- **Exercise aim**: Could you please reproduce every record below exactly, leaving out the pictures?
* * * * * * *
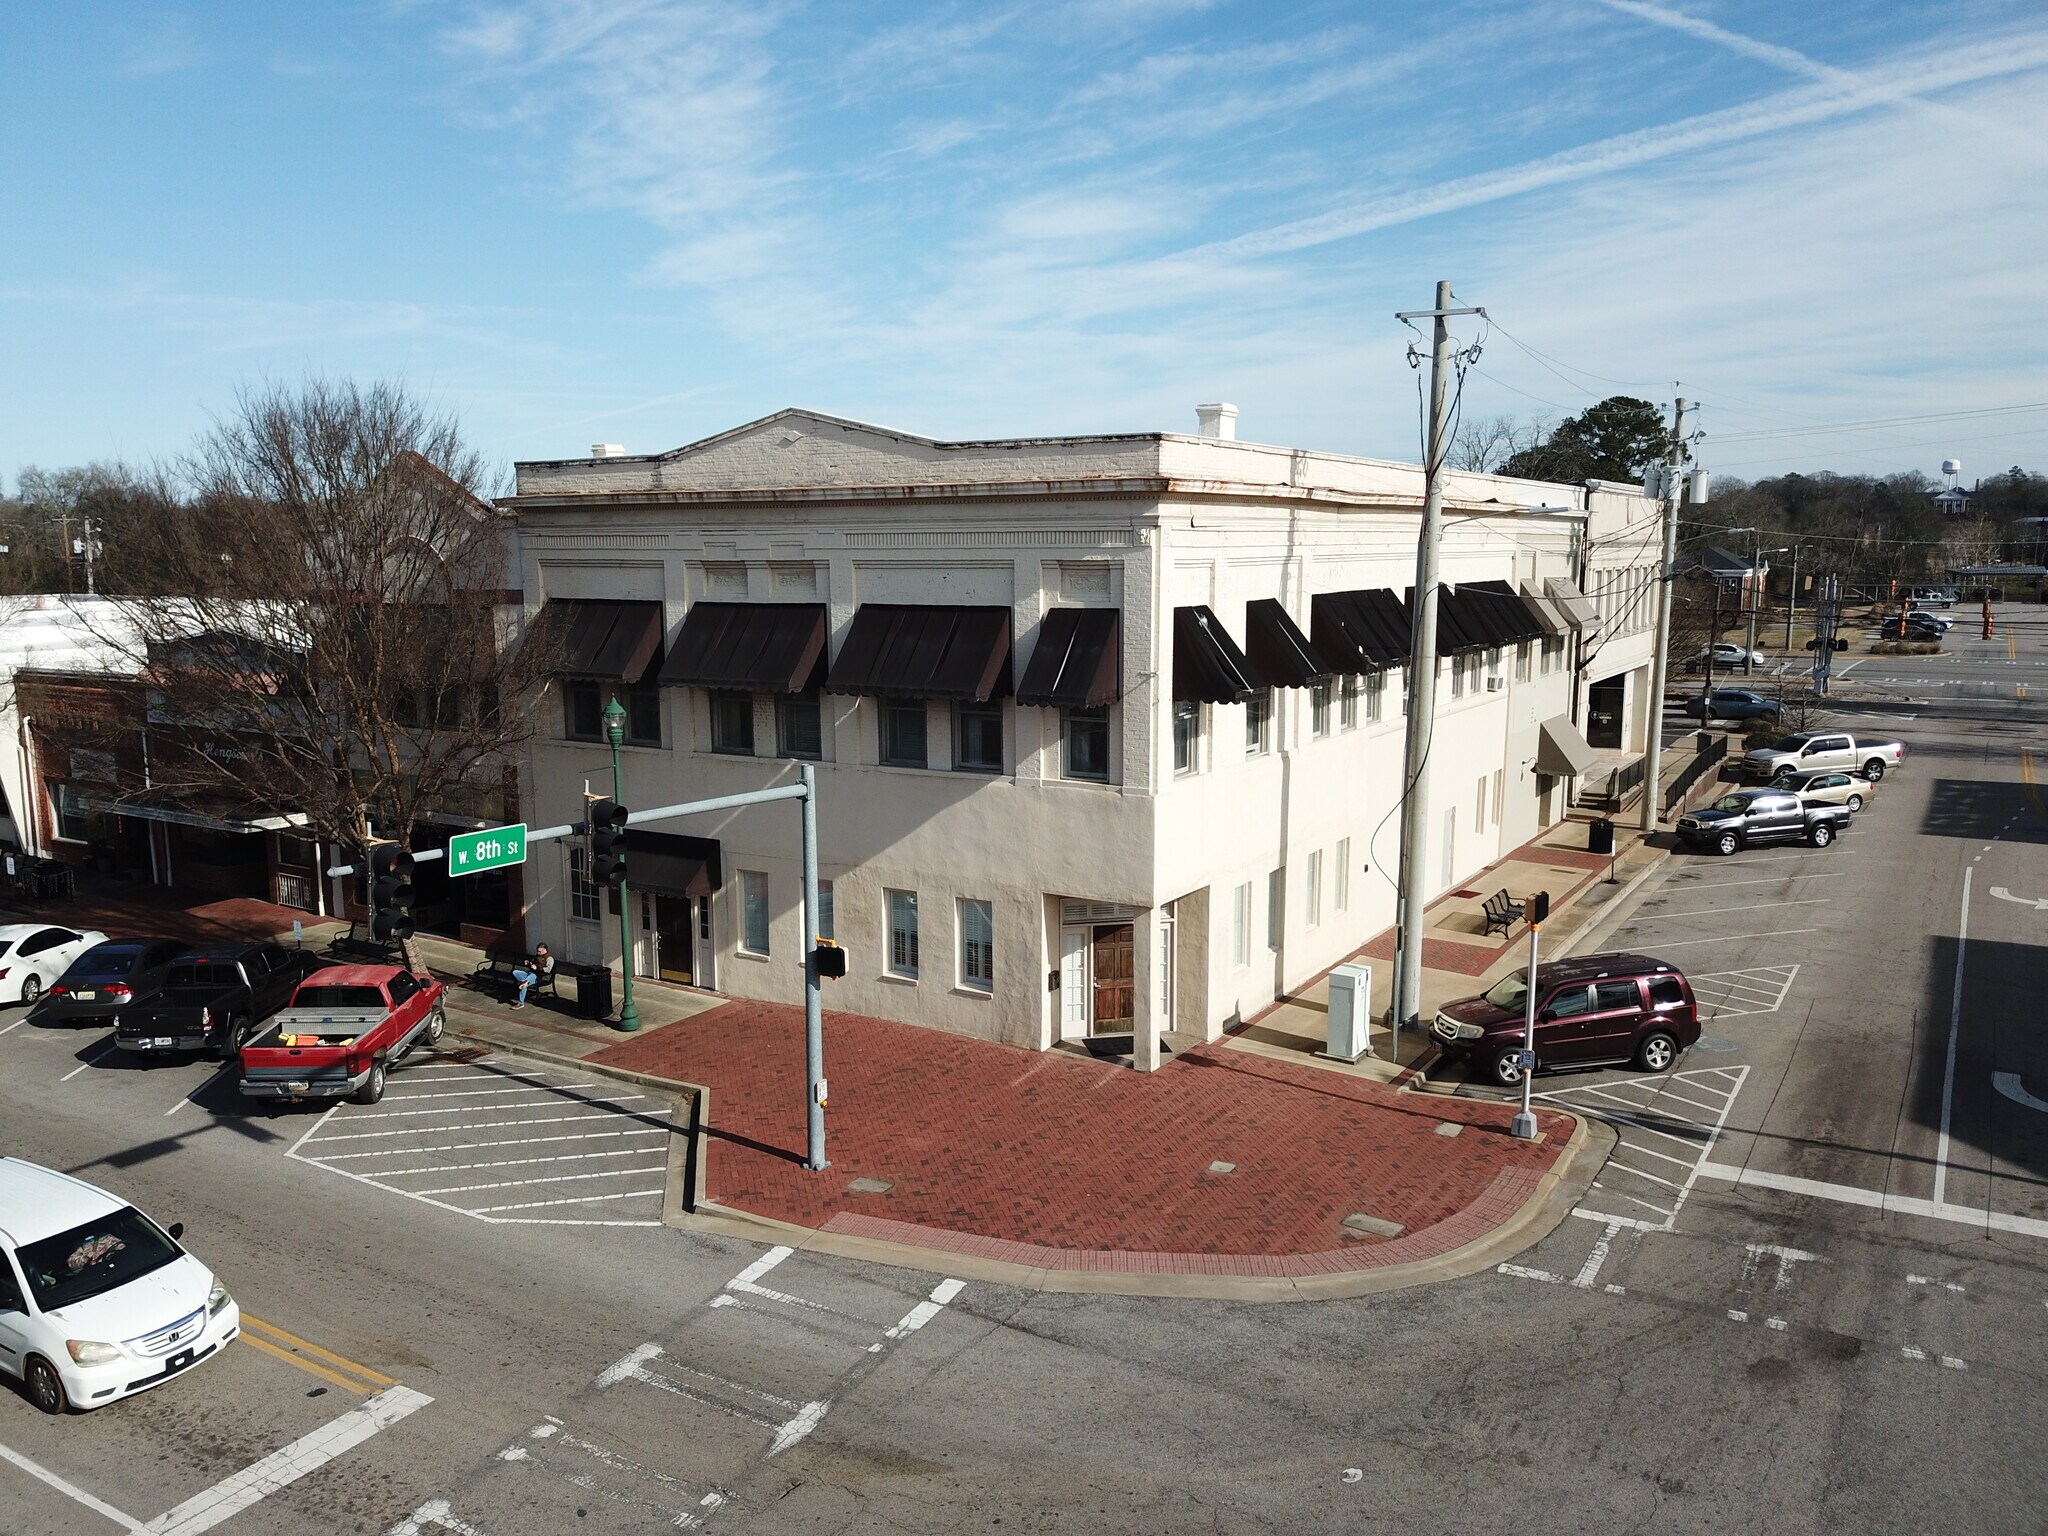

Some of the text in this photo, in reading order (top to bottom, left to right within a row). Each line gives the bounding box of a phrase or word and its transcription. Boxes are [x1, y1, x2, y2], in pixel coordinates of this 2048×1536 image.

[458, 839, 518, 865] W. 8th St
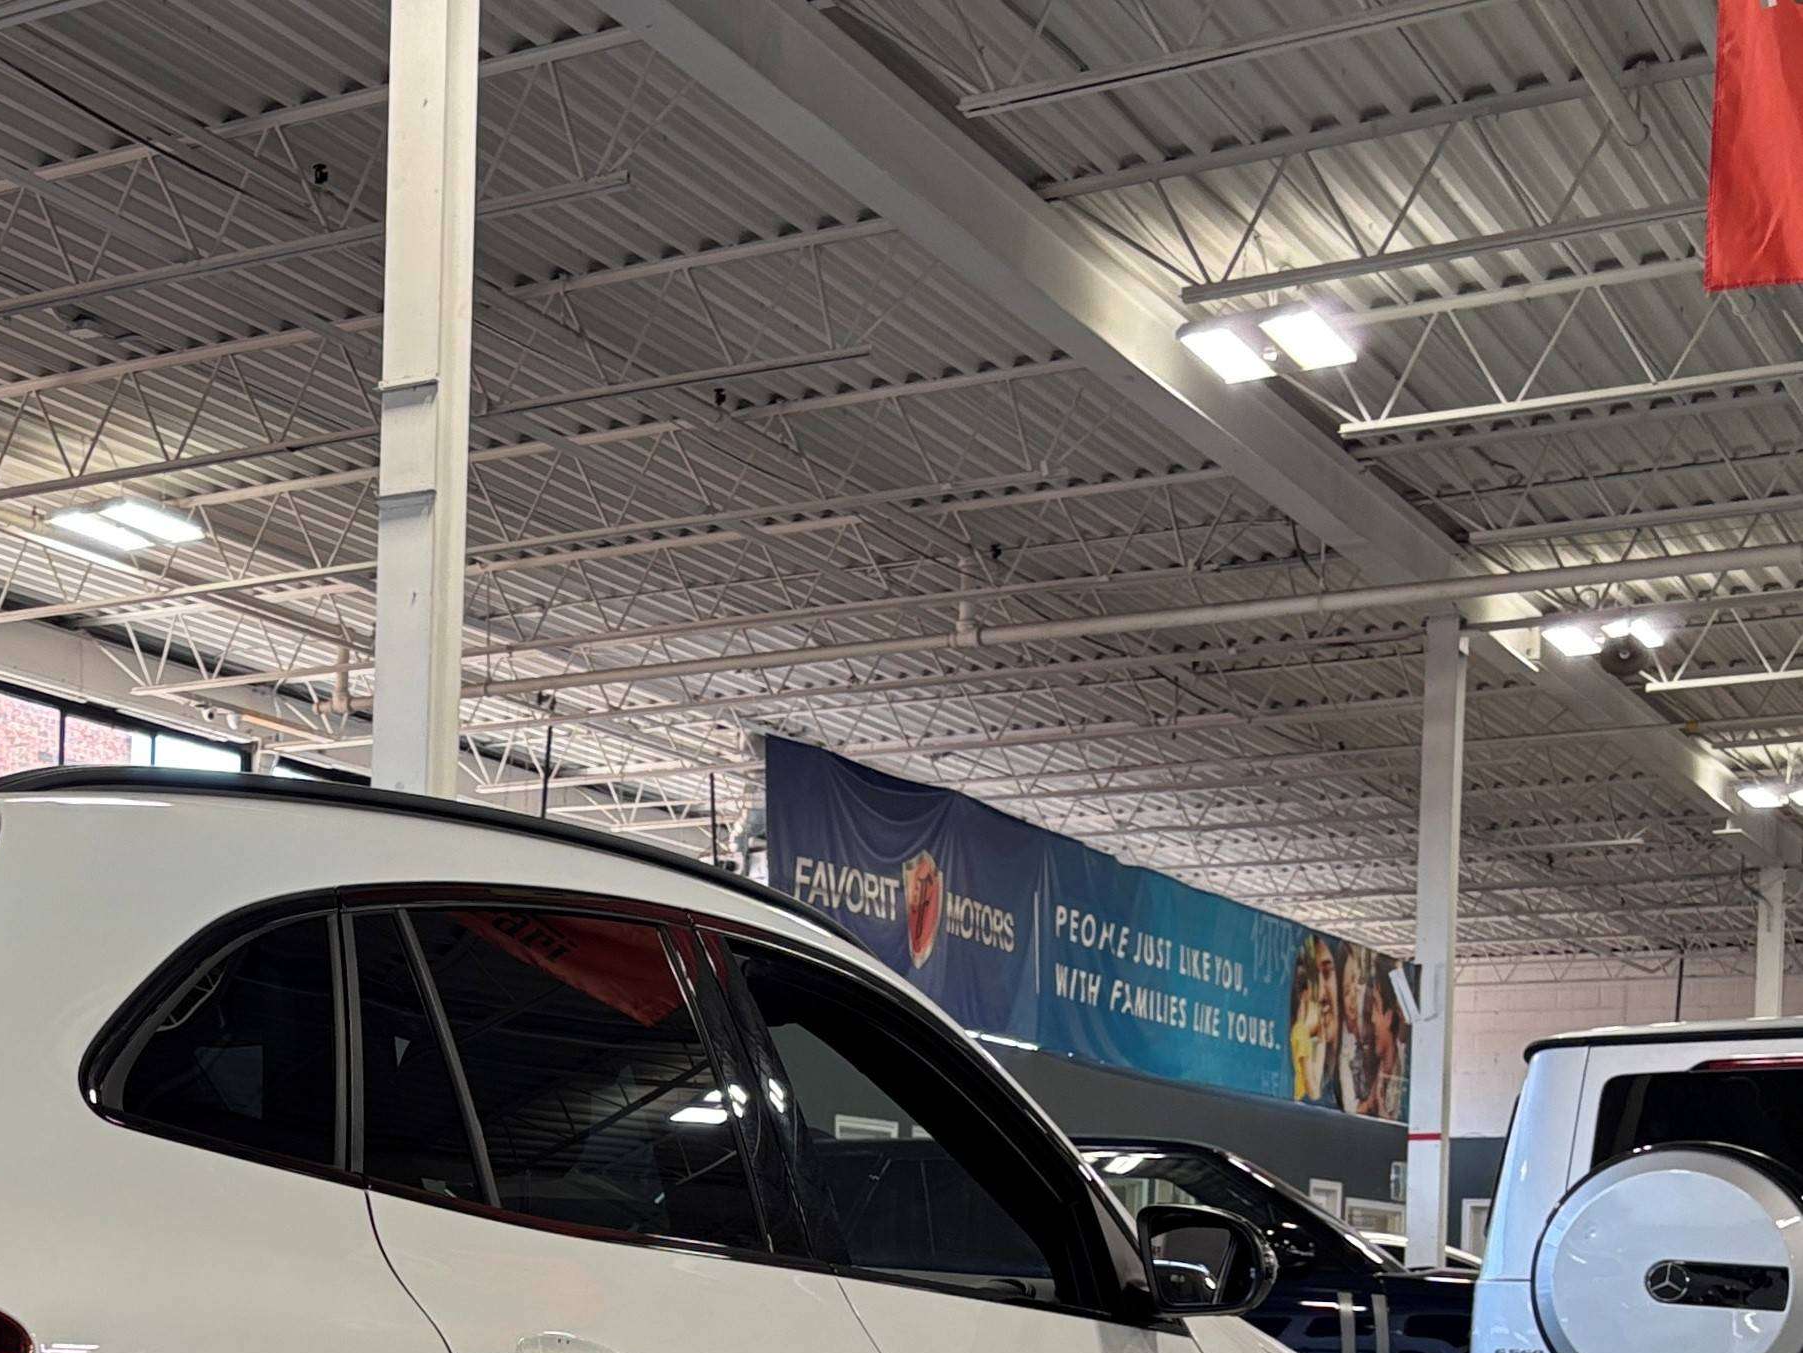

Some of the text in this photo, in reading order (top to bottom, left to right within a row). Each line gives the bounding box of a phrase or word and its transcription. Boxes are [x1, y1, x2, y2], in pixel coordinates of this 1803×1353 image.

[794, 856, 899, 921] FAVORIT
[946, 892, 1015, 952] MOTORS
[1055, 962, 1282, 1051] WITH FAMILIES LIKE YOURS.
[1133, 931, 1172, 970] JUST
[1179, 944, 1211, 982] LIKE
[1214, 954, 1249, 996] YOU,
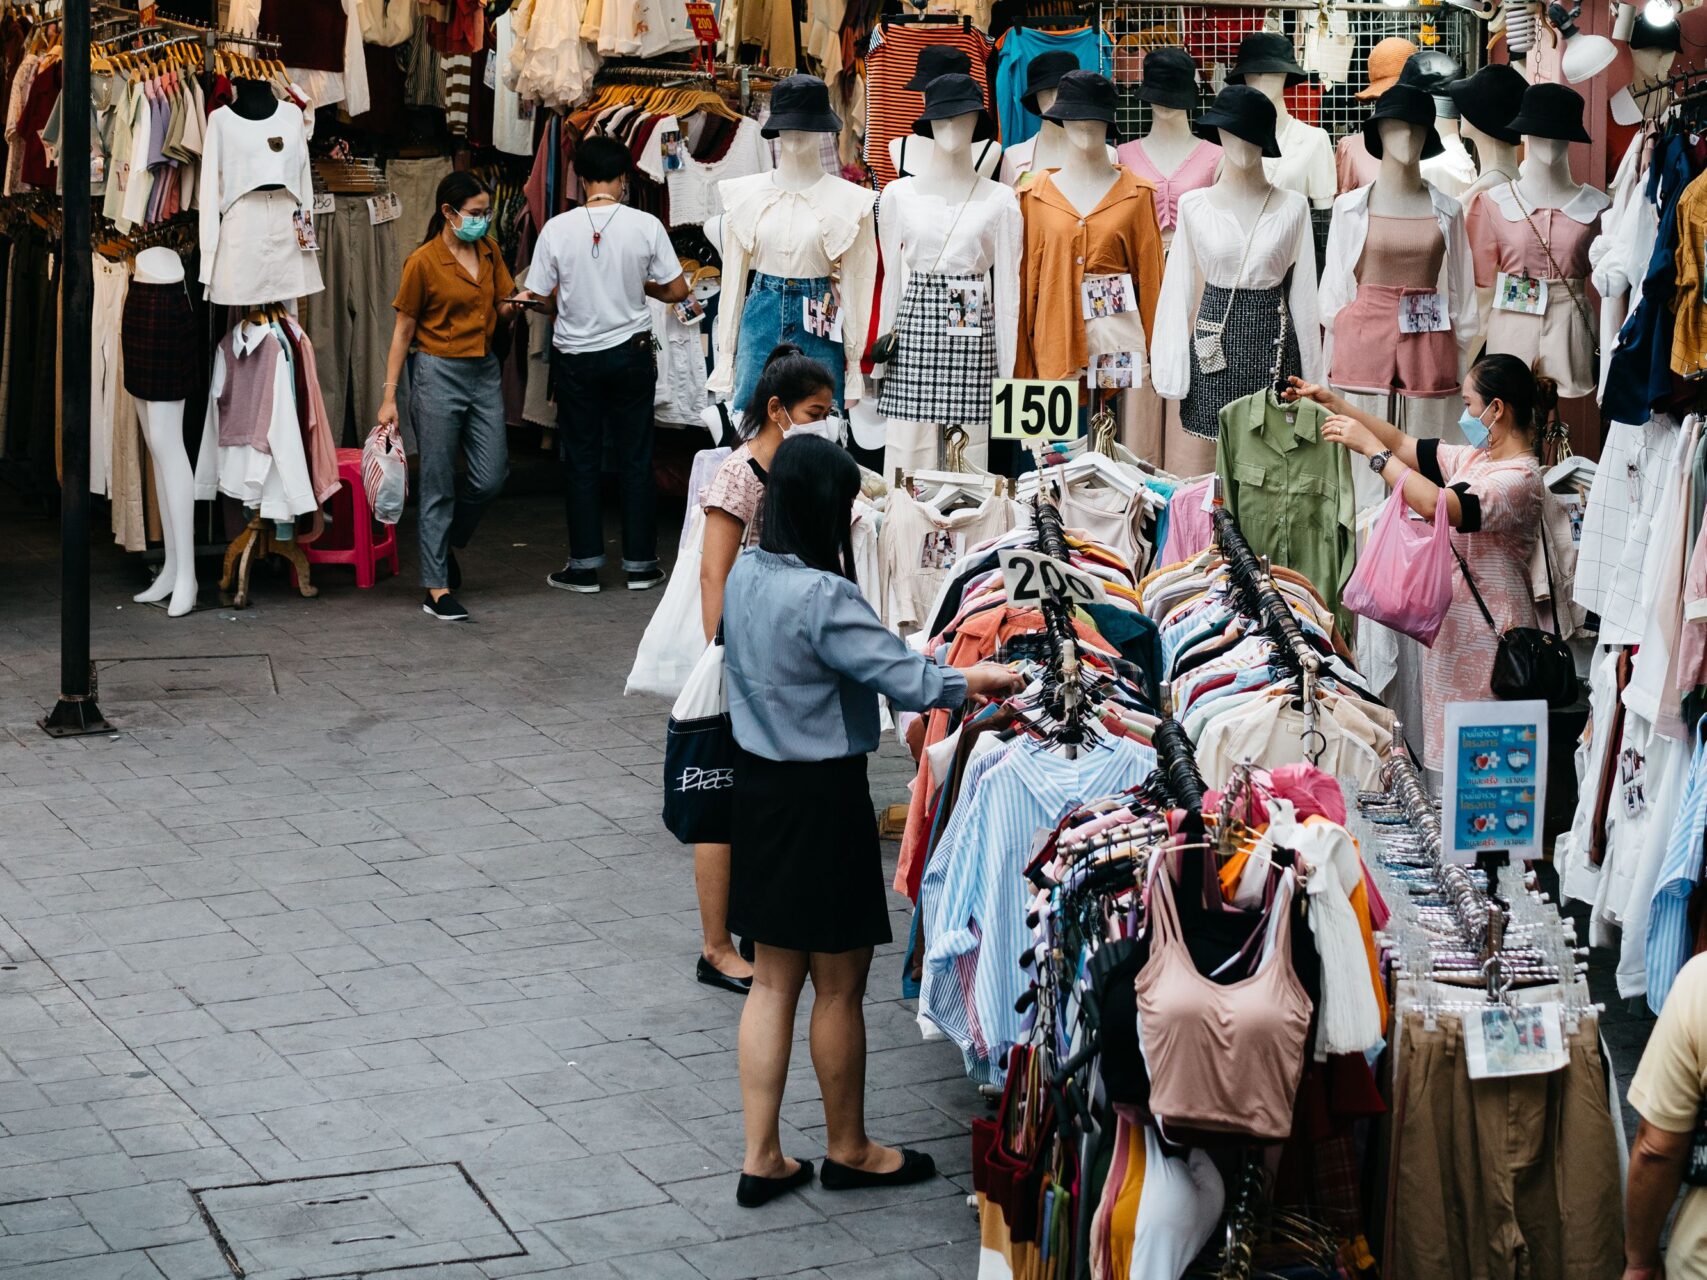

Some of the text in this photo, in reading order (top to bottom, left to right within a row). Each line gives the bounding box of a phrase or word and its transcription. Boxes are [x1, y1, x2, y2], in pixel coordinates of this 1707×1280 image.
* * * * * * *
- **Completed exercise**:
Some of the text in this photo, in reading order (top to bottom, left to right within a row). Each line gives the bounding box of a phrase or word and its transcription. Boxes are [x1, y1, x2, y2], in pixel coordinates of this 2048×1536 image.

[458, 839, 518, 865] W. 8th St

Some of the text in this photo, in reading order (top to bottom, left to right within a row). Each line gives the bounding box of a phrase or word and its transcription. Boxes are [x1, y1, x2, y2], in pixel coordinates of this 1803×1353 image.

[794, 856, 899, 921] FAVORIT
[946, 892, 1015, 952] MOTORS
[1055, 962, 1282, 1051] WITH FAMILIES LIKE YOURS.
[1133, 931, 1172, 970] JUST
[1179, 944, 1211, 982] LIKE
[1214, 954, 1249, 996] YOU,

Some of the text in this photo, in reading order (top to bottom, left to right within a row). Each line gives the bounding box of a phrase or word and its transcription. Boxes are [x1, y1, x2, y2], in pixel coordinates of this 1707×1280 image.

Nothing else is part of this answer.